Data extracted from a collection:
-- Opening Marker --

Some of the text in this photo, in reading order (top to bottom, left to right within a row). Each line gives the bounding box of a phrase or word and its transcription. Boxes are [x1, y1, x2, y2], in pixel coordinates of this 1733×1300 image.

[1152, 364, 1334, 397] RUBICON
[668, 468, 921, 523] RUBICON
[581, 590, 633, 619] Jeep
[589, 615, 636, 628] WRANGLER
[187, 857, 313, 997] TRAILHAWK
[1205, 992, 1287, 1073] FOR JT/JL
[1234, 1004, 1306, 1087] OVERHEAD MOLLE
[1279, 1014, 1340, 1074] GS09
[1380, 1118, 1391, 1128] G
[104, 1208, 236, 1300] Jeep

-- Closing Marker --

What is required: Retyping every entry exactly is the whole of the task.

Output of the exercise:
Some of the text in this photo, in reading order (top to bottom, left to right within a row). Each line gives the bounding box of a phrase or word and its transcription. Boxes are [x1, y1, x2, y2], in pixel coordinates of this 1733×1300 image.

[1152, 364, 1334, 397] RUBICON
[668, 468, 921, 523] RUBICON
[581, 590, 633, 619] Jeep
[589, 615, 636, 628] WRANGLER
[187, 857, 313, 997] TRAILHAWK
[1205, 992, 1287, 1073] FOR JT/JL
[1234, 1004, 1306, 1087] OVERHEAD MOLLE
[1279, 1014, 1340, 1074] GS09
[1380, 1118, 1391, 1128] G
[104, 1208, 236, 1300] Jeep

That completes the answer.